**Prompt**
Exactly reproduce all the records, keeping pictures out of the copy.

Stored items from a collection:
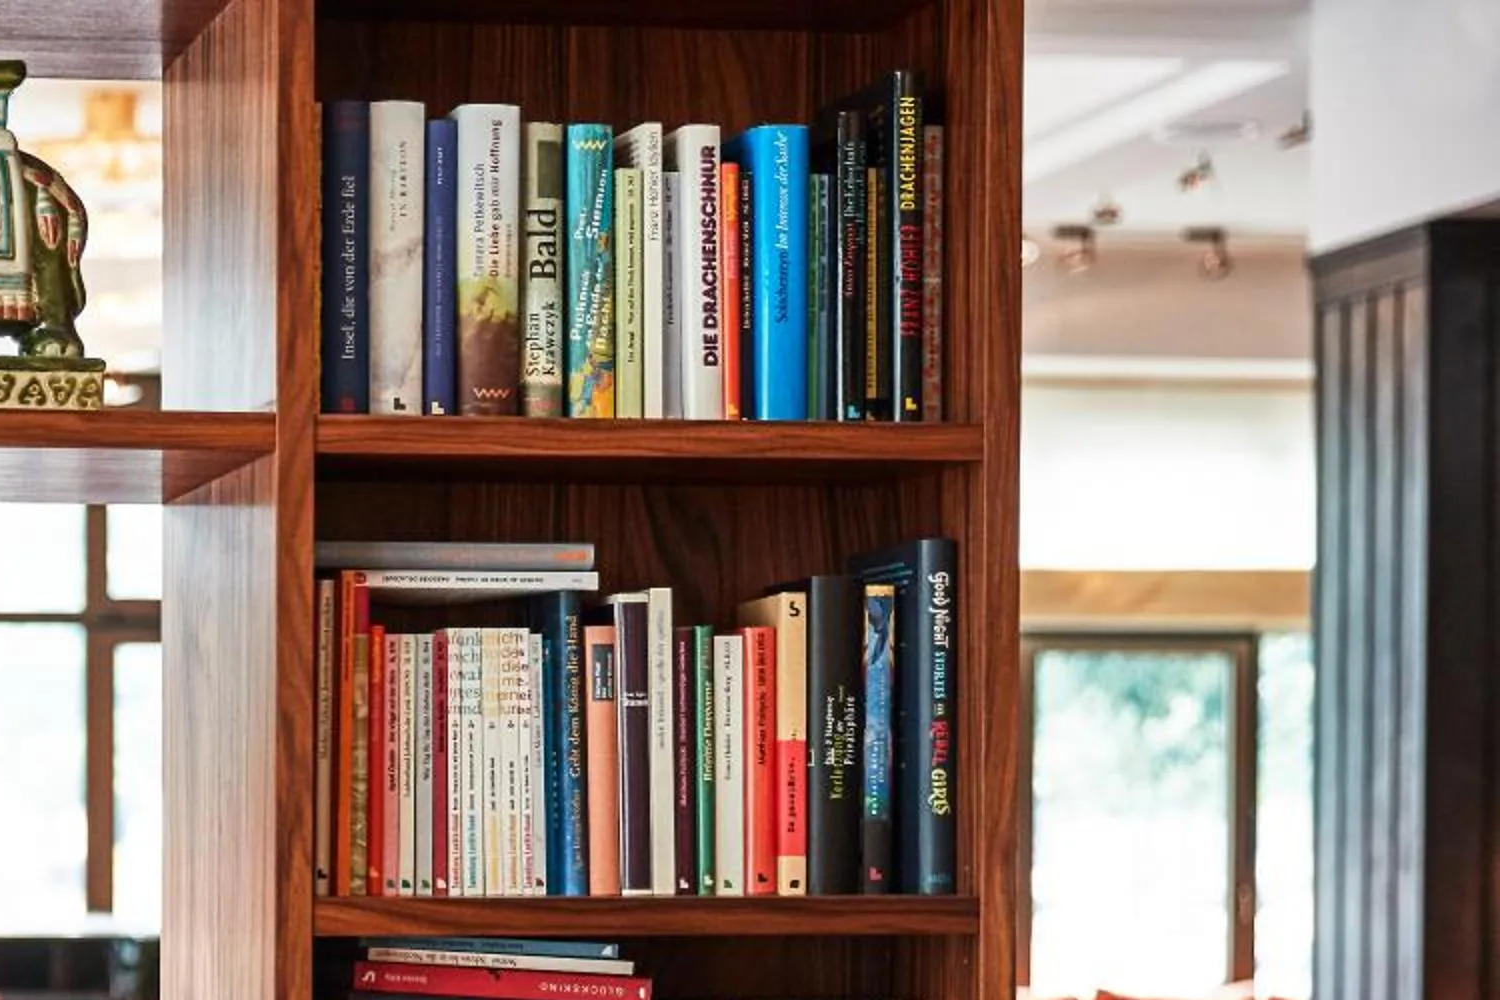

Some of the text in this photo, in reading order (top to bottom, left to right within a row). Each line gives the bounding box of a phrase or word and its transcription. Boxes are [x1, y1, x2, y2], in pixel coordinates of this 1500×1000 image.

[490, 120, 502, 173] Hoffnung
[900, 97, 916, 209] DRACHENJAGEN
[342, 202, 356, 233] Erde
[490, 200, 502, 220] gab
[342, 239, 356, 261] der
[490, 224, 502, 255] Liebe
[527, 208, 557, 282] Bald
[490, 259, 502, 278] Die
[701, 146, 718, 366] DIE DRACHENSCHNUR
[342, 265, 356, 290] von
[342, 296, 356, 317] die
[342, 321, 356, 359] Insel,
[526, 313, 542, 376] Stephan
[542, 301, 556, 376] Krawczyk
[567, 615, 581, 652] Hand
[567, 654, 581, 673] die
[567, 718, 581, 744] dem
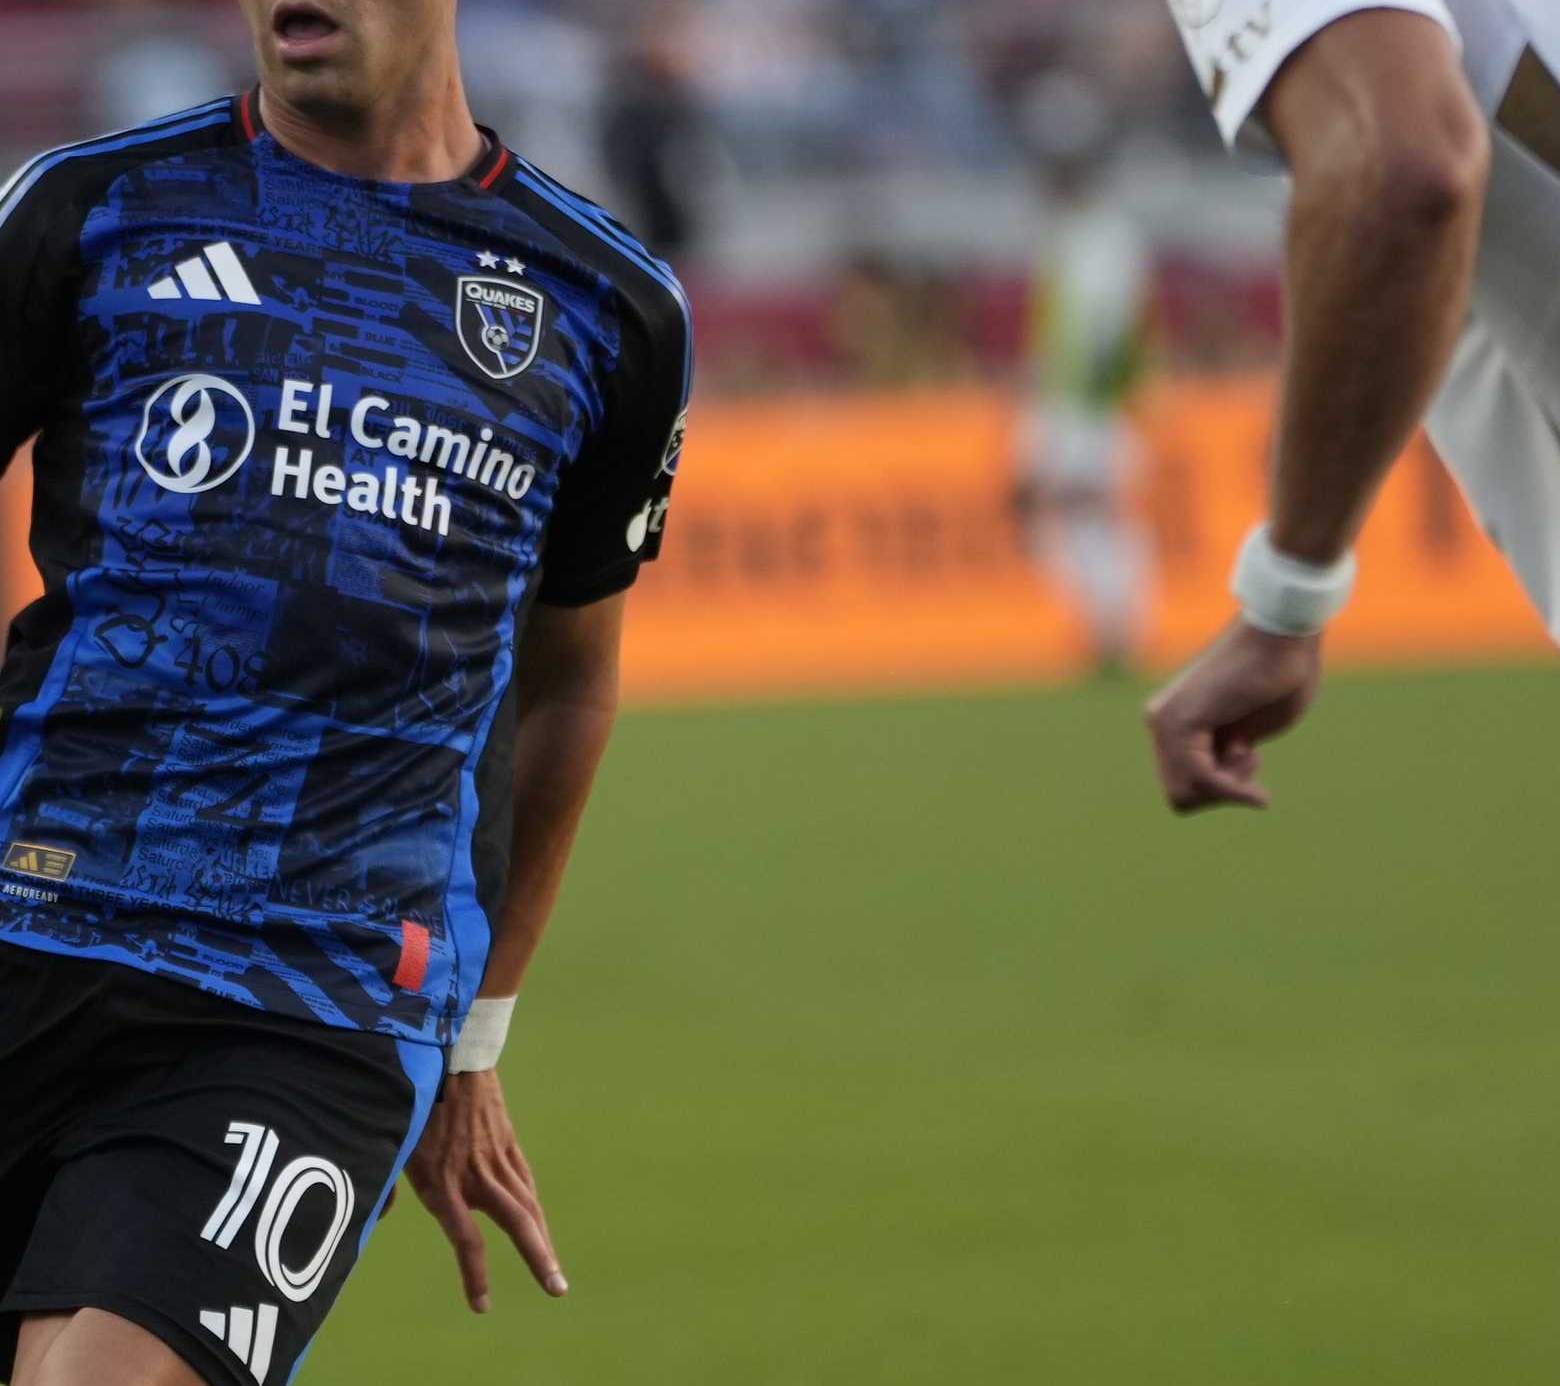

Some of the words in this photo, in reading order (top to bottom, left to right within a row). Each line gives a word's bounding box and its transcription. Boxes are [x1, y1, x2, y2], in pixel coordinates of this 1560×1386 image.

[354, 296, 399, 313] BLOOD
[464, 282, 536, 315] QUAKES
[364, 331, 396, 347] BLUE
[277, 378, 333, 439] El
[349, 394, 537, 501] Camino
[270, 445, 453, 537] Health
[2, 883, 60, 905] AEROREADY
[76, 885, 126, 905] THREE
[202, 953, 247, 971] BLOOD
[198, 1120, 357, 1304] 10
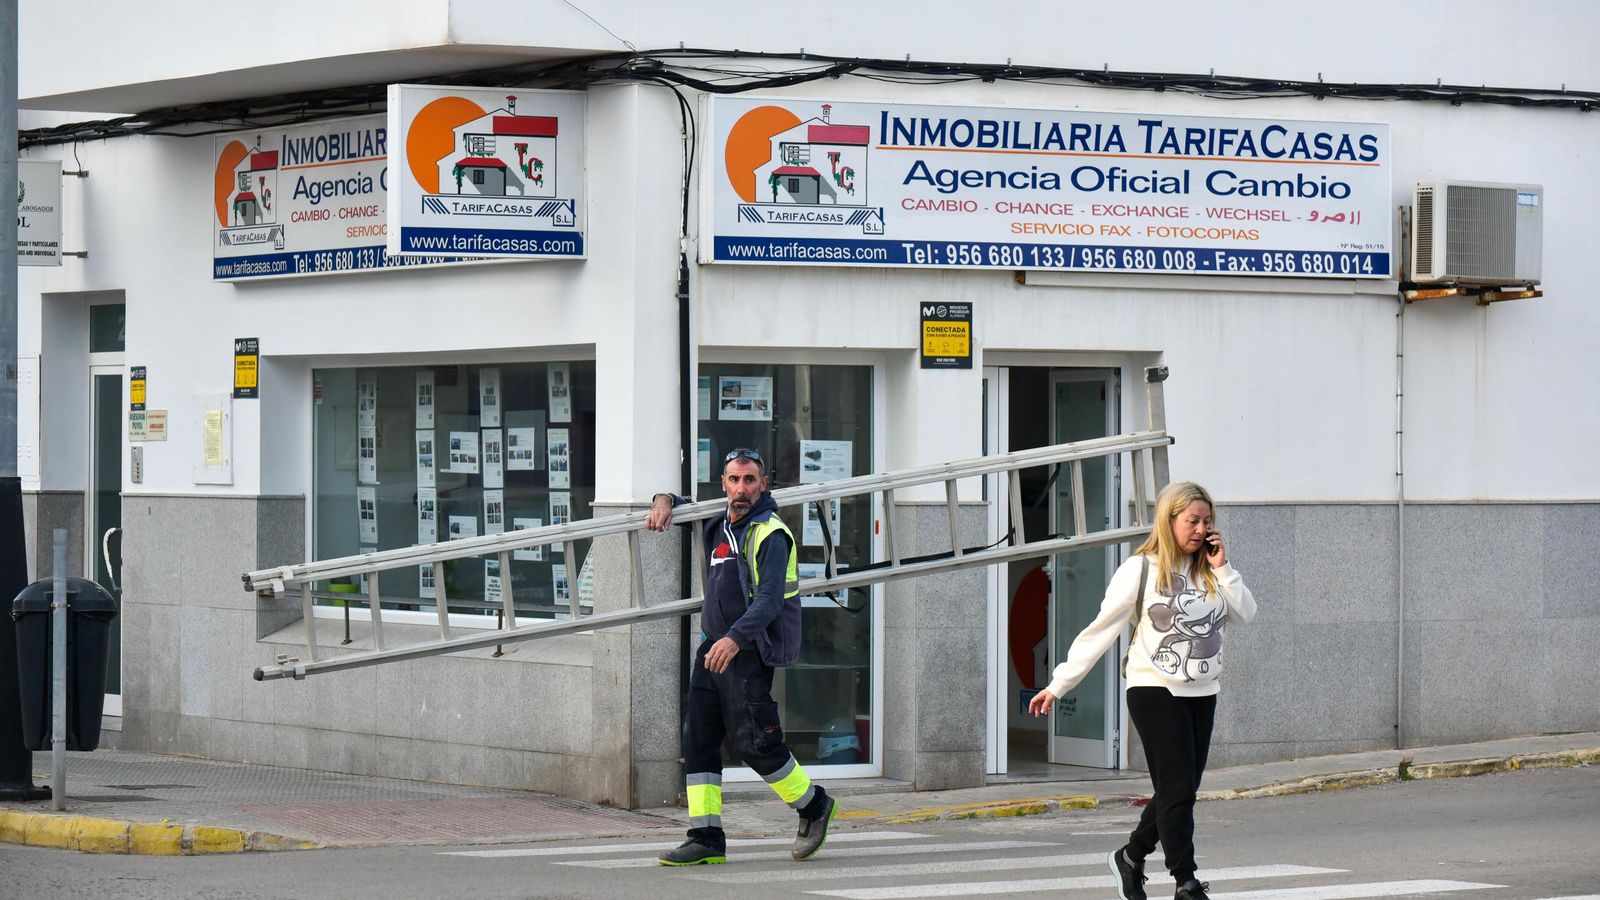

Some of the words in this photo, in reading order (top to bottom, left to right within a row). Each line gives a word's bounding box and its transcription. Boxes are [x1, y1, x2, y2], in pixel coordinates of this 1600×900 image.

[880, 110, 1127, 154] INMOBILIARIA
[293, 172, 374, 205] Agencia
[902, 159, 1061, 194] Agencia
[1070, 165, 1190, 195] Oficial
[1205, 169, 1352, 200] Cambio
[291, 208, 331, 223] CAMBIO
[338, 205, 379, 220] CHANGE
[555, 214, 573, 224] S.L.
[901, 197, 978, 213] CAMBIO
[995, 200, 1074, 216] CHANGE
[1091, 203, 1189, 220] EXCHANGE
[1205, 206, 1291, 223] WECHSEL
[865, 223, 882, 232] S.L.
[1010, 222, 1094, 237] SERVICIO
[1100, 225, 1132, 237] FAX
[1147, 226, 1260, 241] FOTOCOPIAS
[409, 234, 576, 254] www.tarifacasas.com
[727, 241, 887, 260] www.tarifacasas.com
[215, 260, 288, 277] www.tarifacasas.com
[293, 254, 312, 273] Tel:
[314, 252, 333, 272] 956
[335, 250, 354, 271] 680
[356, 249, 374, 268] 133
[902, 243, 940, 264] Tel:
[947, 244, 982, 265] 956
[988, 245, 1024, 266] 680
[1030, 246, 1065, 267] 133
[1081, 248, 1117, 269] 956
[1122, 248, 1156, 270] 680
[1162, 250, 1197, 271] 008
[1215, 253, 1256, 272] Fax:
[1262, 252, 1296, 273] 956
[1301, 254, 1336, 274] 680
[1340, 254, 1374, 275] 014
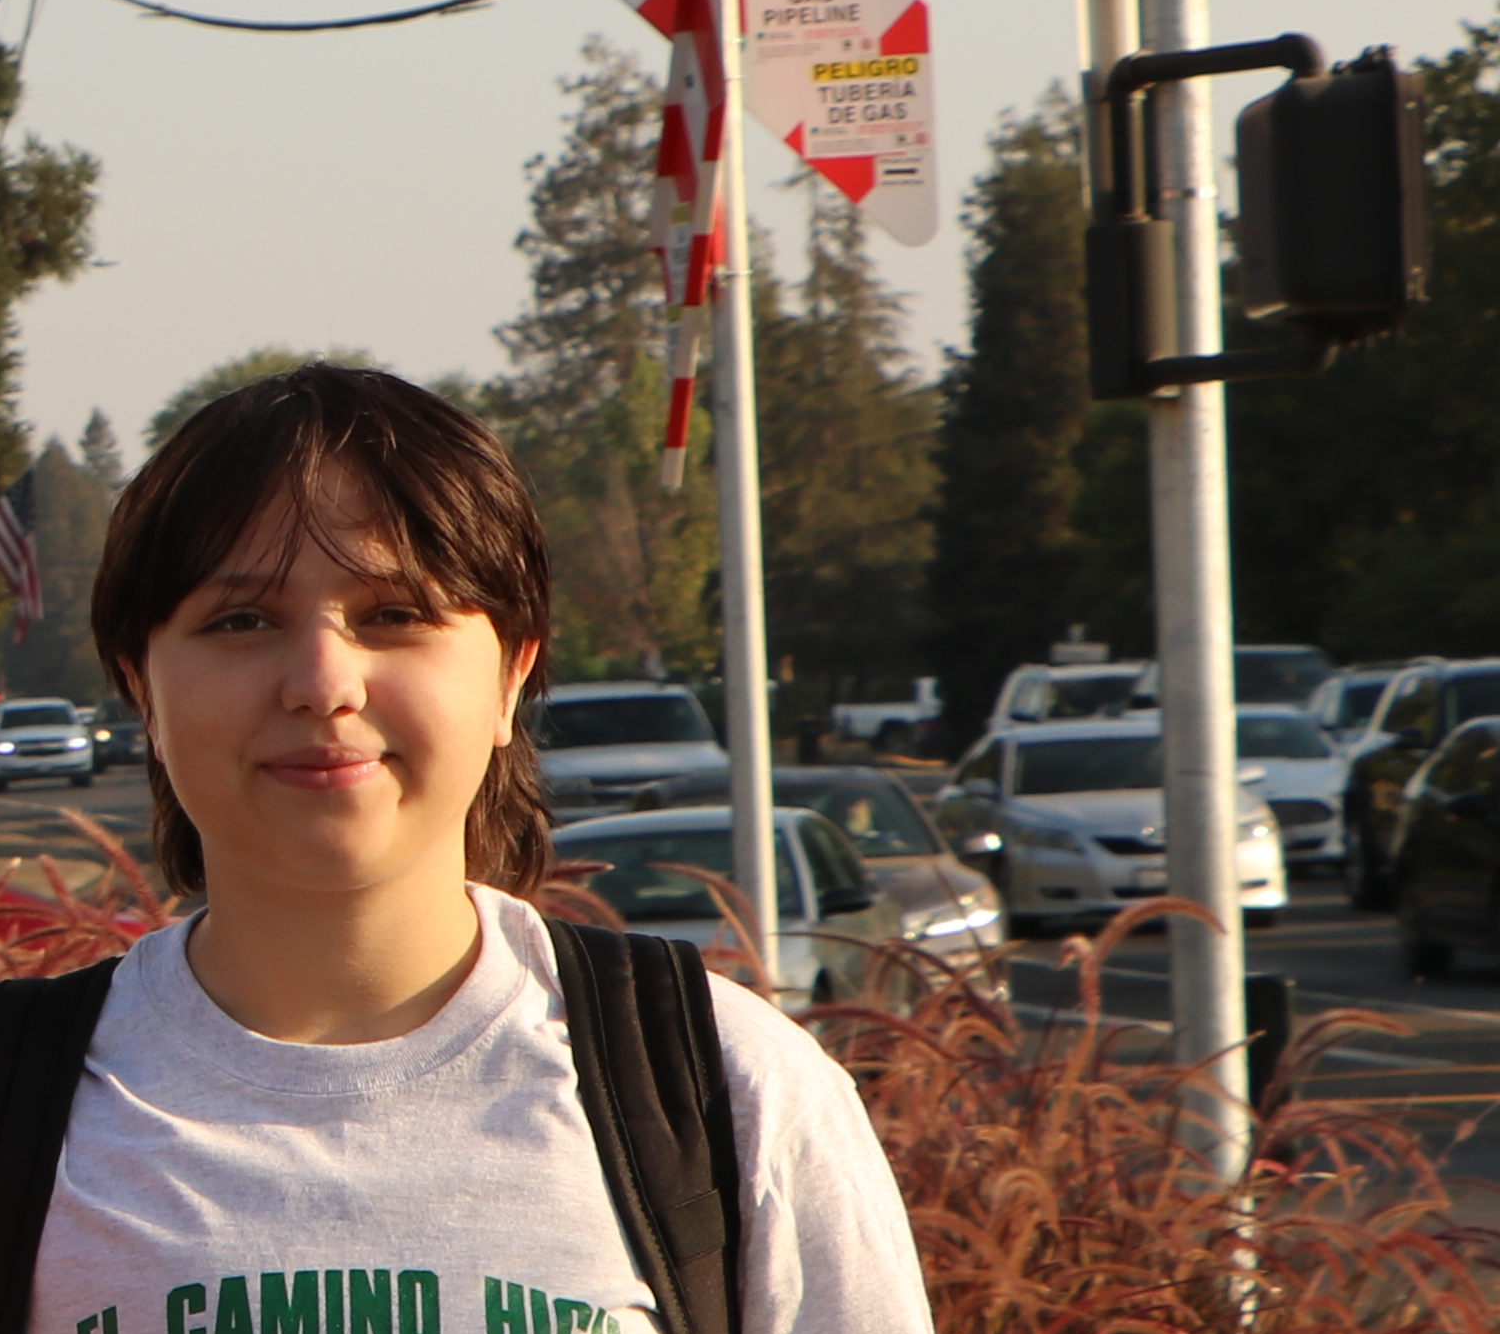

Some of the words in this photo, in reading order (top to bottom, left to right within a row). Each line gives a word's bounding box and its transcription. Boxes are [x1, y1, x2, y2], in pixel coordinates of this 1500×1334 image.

[764, 3, 860, 25] PIPELINE
[814, 57, 918, 80] PELIGRO
[828, 105, 856, 124] DE
[862, 102, 908, 121] GAS

**Answer space**
Some of the text in this photo, in reading order (top to bottom, left to right within a row). Each line gives the bounding box of a phrase or word and its transcription. Boxes are [x1, y1, x2, y2], in pixel coordinates of this 1500×1000 image.

[490, 120, 502, 173] Hoffnung
[900, 97, 916, 209] DRACHENJAGEN
[342, 202, 356, 233] Erde
[490, 200, 502, 220] gab
[342, 239, 356, 261] der
[490, 224, 502, 255] Liebe
[527, 208, 557, 282] Bald
[490, 259, 502, 278] Die
[701, 146, 718, 366] DIE DRACHENSCHNUR
[342, 265, 356, 290] von
[342, 296, 356, 317] die
[342, 321, 356, 359] Insel,
[526, 313, 542, 376] Stephan
[542, 301, 556, 376] Krawczyk
[567, 615, 581, 652] Hand
[567, 654, 581, 673] die
[567, 718, 581, 744] dem

Some of the words in this photo, in reading order (top to bottom, left to right within a row). Each line gives a word's bounding box and its transcription. Boxes are [x1, y1, x2, y2], in pixel coordinates of this 1560×1386 image.

[354, 296, 399, 313] BLOOD
[464, 282, 536, 315] QUAKES
[364, 331, 396, 347] BLUE
[277, 378, 333, 439] El
[349, 394, 537, 501] Camino
[270, 445, 453, 537] Health
[2, 883, 60, 905] AEROREADY
[76, 885, 126, 905] THREE
[202, 953, 247, 971] BLOOD
[198, 1120, 357, 1304] 10

Some of the words in this photo, in reading order (top to bottom, left to right within a row). Each line gives a word's bounding box and its transcription. Boxes are [x1, y1, x2, y2], in pixel coordinates of this 1600×900 image.

[880, 110, 1127, 154] INMOBILIARIA
[293, 172, 374, 205] Agencia
[902, 159, 1061, 194] Agencia
[1070, 165, 1190, 195] Oficial
[1205, 169, 1352, 200] Cambio
[291, 208, 331, 223] CAMBIO
[338, 205, 379, 220] CHANGE
[555, 214, 573, 224] S.L.
[901, 197, 978, 213] CAMBIO
[995, 200, 1074, 216] CHANGE
[1091, 203, 1189, 220] EXCHANGE
[1205, 206, 1291, 223] WECHSEL
[865, 223, 882, 232] S.L.
[1010, 222, 1094, 237] SERVICIO
[1100, 225, 1132, 237] FAX
[1147, 226, 1260, 241] FOTOCOPIAS
[409, 234, 576, 254] www.tarifacasas.com
[727, 241, 887, 260] www.tarifacasas.com
[215, 260, 288, 277] www.tarifacasas.com
[293, 254, 312, 273] Tel:
[314, 252, 333, 272] 956
[335, 250, 354, 271] 680
[356, 249, 374, 268] 133
[902, 243, 940, 264] Tel:
[947, 244, 982, 265] 956
[988, 245, 1024, 266] 680
[1030, 246, 1065, 267] 133
[1081, 248, 1117, 269] 956
[1122, 248, 1156, 270] 680
[1162, 250, 1197, 271] 008
[1215, 253, 1256, 272] Fax:
[1262, 252, 1296, 273] 956
[1301, 254, 1336, 274] 680
[1340, 254, 1374, 275] 014

Some of the words in this photo, in reading order (top to bottom, left to right within a row). Each line gives a word's bounding box and its transcription. Boxes are [x1, y1, x2, y2], in pixel coordinates of this 1500×1334 image.

[764, 3, 860, 25] PIPELINE
[814, 57, 918, 80] PELIGRO
[828, 105, 856, 124] DE
[862, 102, 908, 121] GAS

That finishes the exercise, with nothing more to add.